Runde (Møre og Romsdal) — die wichtigste Kolonie des Festlands

Runde ist eine Insel vor Ålesund und Norwegens bedeutendste Seevogelkolonie auf dem Festland. Hier brüten ca. 100.000 Papageitaucher-Paare — dazu Basstölpel (Grønlandseglefugl), Krabbentaucher und Dreizehenmöwen.

Anfahrt:

  • Von Ålesund: Fähre nach Runde (ca. 1,5 Stunden) oder Straße + Brücke
  • Die Insel ist per Auto über die neue Runde-Brücke erreichbar

Beobachtungspunkt:

  • Rundebranden (Westküste): Die Steilklippen beherbergen die Kolonie. Gepflegte Wanderwege führen zu Aussichtspunkten direkt über den Nisthöhlen.
  • Beste Zeit: Anflug abends zwischen 19–22 Uhr, wenn die Vögel mit Beute zurückkehren

Geführte Touren:

  • Bootstouren um die Insel: Ab Ålesund, ca. 500–900 NOK
  • Wanderführer auf der Insel: Runde Fyr-Gesellschaft organisiert Touren

Lofoten — Papageitaucher mit Mitternachtssonne

Die Lofoten bieten in kleinen Kolonien Papageitaucher — weniger dicht als Runde, aber kombiniert mit der dramatischen Lofoten-Kulisse unvergesslich.

Beste Lofoten-Spots:

  • Røst (südlichste Insel): Große Kolonie, aber schwer zugänglich (nur Fähre oder Flug)
  • Røstlandet-Klippen: Ausgedehnte Brutkolonien
  • Vedøya (Insel in Lofoten): Kleinere Kolonie, aber gut erreichbar

Besonderheit Lofoten: Im Juni/Juli landen Papageitaucher unter der Mitternachtssonne — ein surreales Erlebnis wenn die Vögel um Mitternacht bei vollem Tageslicht einfliegen.

Vardø (Finnmark) — der Norden

Im äußersten Nordosten Norwegens liegt Hornøya — eine kleine Insel bei Vardø mit begehbarem Naturreservat. Direkt auf dem Felsen können Besucher Papageitaucher aus wenigen Metern Abstand beobachten.

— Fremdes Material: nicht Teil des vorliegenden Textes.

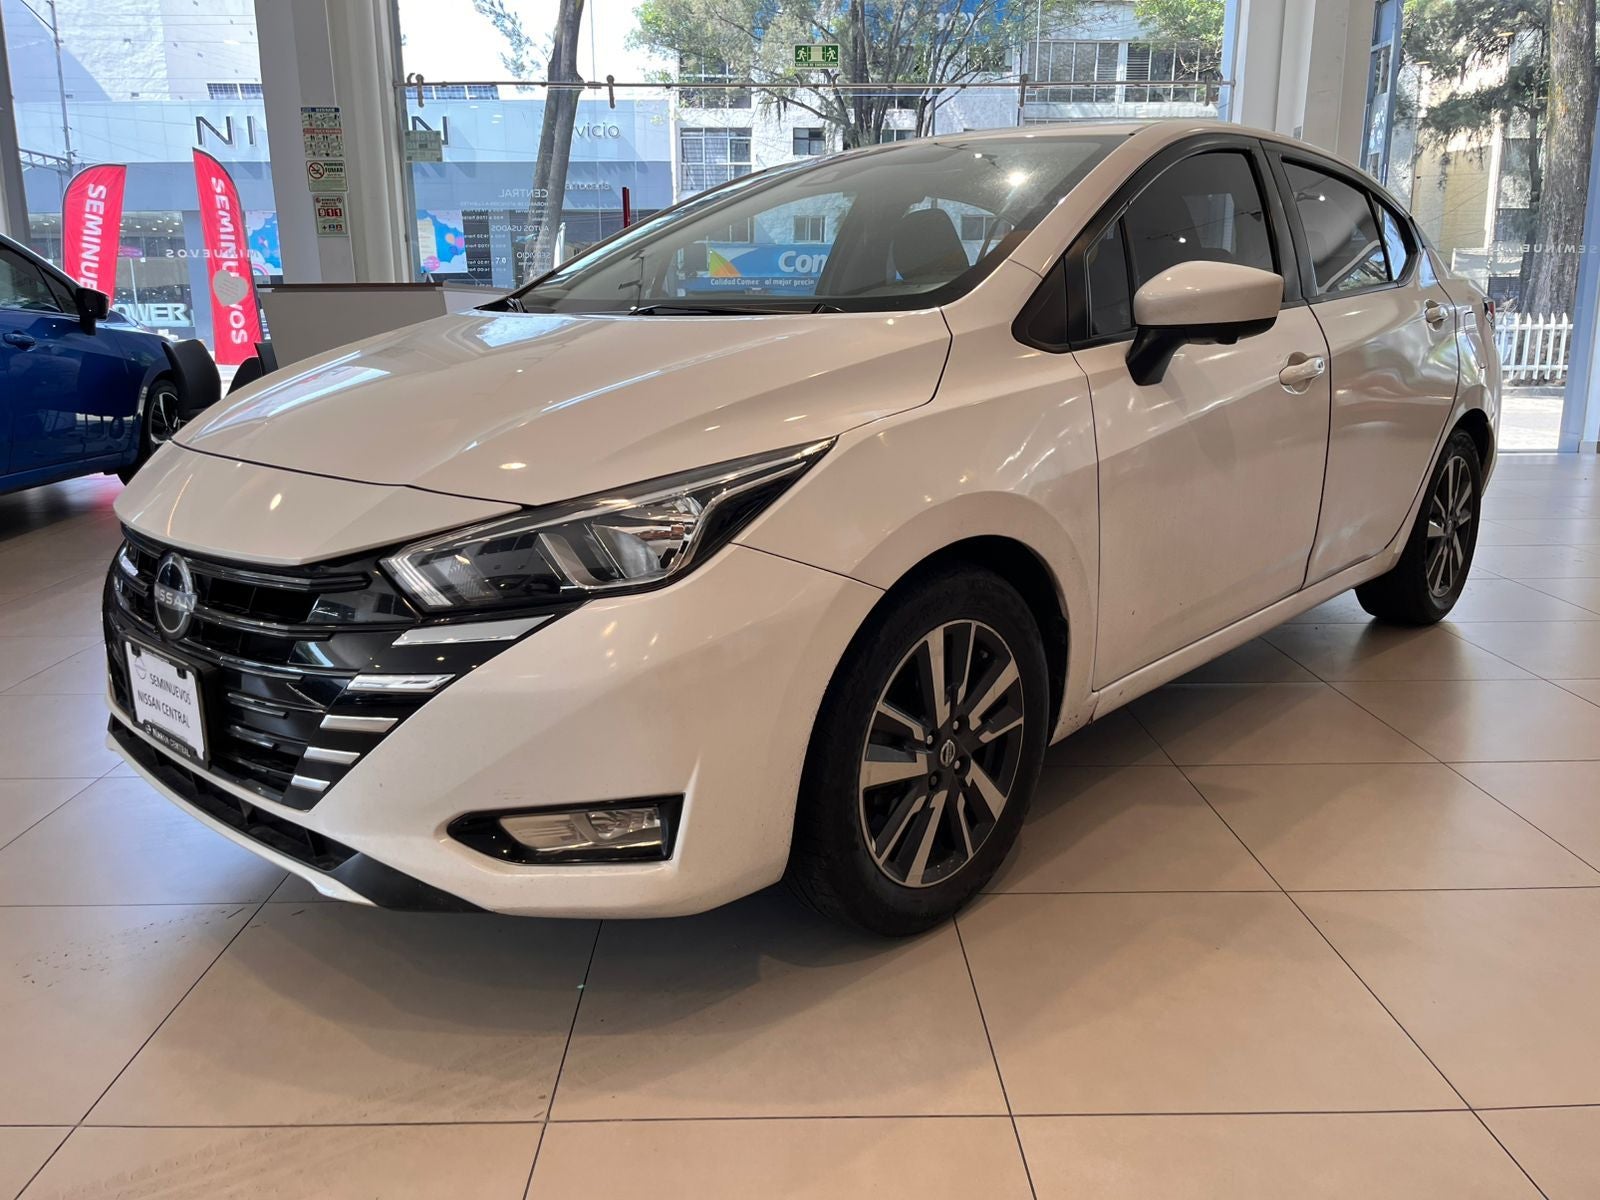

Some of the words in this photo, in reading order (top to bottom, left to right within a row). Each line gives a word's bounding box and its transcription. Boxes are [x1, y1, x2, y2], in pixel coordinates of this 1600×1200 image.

[575, 122, 620, 138] vicio
[318, 208, 342, 217] 911
[79, 183, 107, 291] SEMINUE
[211, 177, 248, 344] SEMINUOS
[710, 278, 736, 286] Calidad
[773, 278, 792, 287] mejor
[111, 303, 190, 327] OWER
[149, 673, 192, 706] SEMINUEVOS
[137, 689, 161, 711] NISSAN
[161, 702, 190, 729] CENTRAL
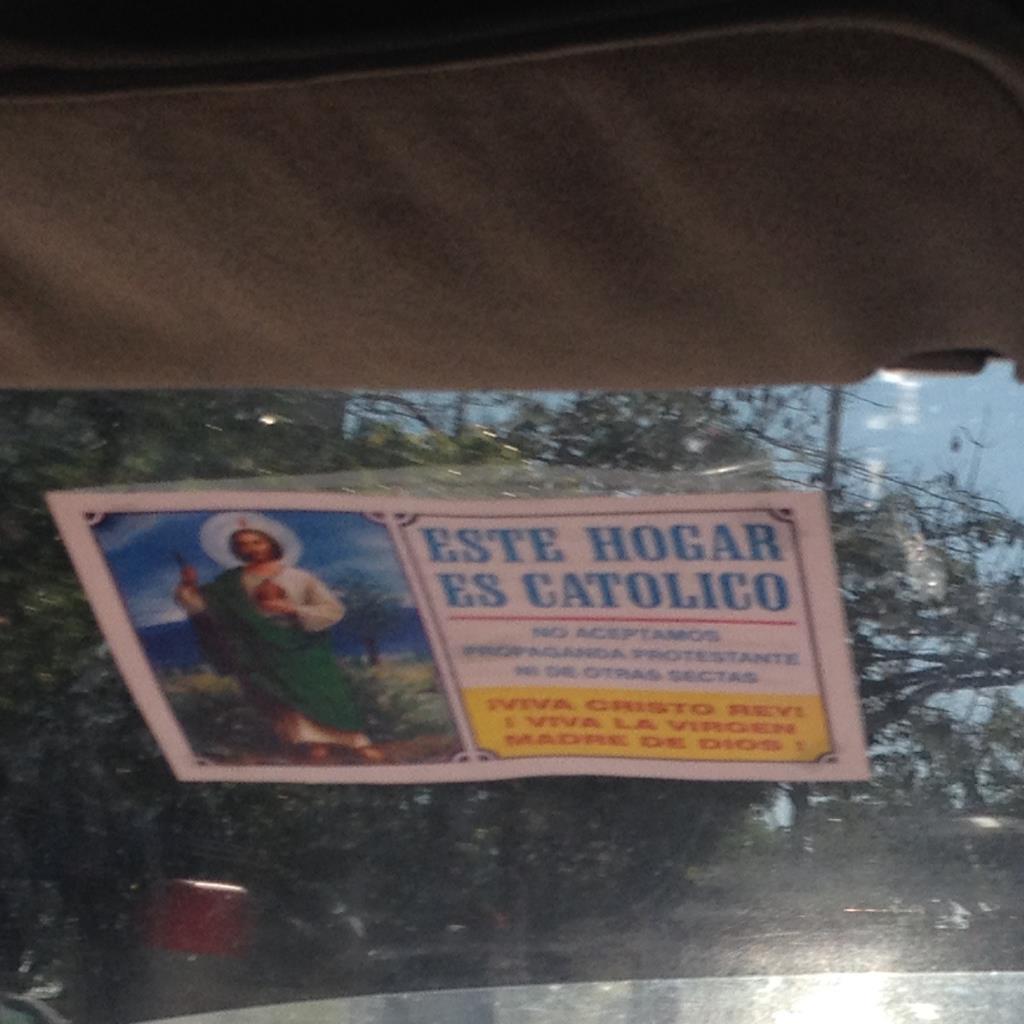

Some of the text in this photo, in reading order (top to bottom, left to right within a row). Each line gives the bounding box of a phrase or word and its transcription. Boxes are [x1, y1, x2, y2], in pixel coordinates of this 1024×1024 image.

[420, 522, 783, 563] ESTE HOGAR
[437, 571, 791, 612] ES CATOLICO
[532, 627, 720, 642] NO ACEPTAMOS
[463, 643, 800, 666] PROPAGANDA PROTESTANTE
[583, 667, 662, 682] OTRAS
[668, 669, 759, 684] SECTAS
[585, 699, 716, 716] CRISTO
[526, 715, 602, 729] VIVA
[614, 718, 658, 730] LA
[667, 719, 796, 735] VIRGEN
[505, 734, 628, 747] MADRE
[638, 735, 687, 750] DE
[698, 737, 784, 752] DIOS

  • Bootsfahrt von Vardø: Ca. 20 Minuten
  • Papageitaucher sitzen direkt an den Wegen
  • Kombinierbar mit Königseider (Ærfugl) und Tordalk-Beobachtung

Andøya (Vesterålen)

Die Bleiksøya bei Andenes im Norden von Vesterålen ist eine weitere wichtige Kolonie. Bootstouren verbinden Wal-Watching-Touren mit Papageitaucher-Beobachtung.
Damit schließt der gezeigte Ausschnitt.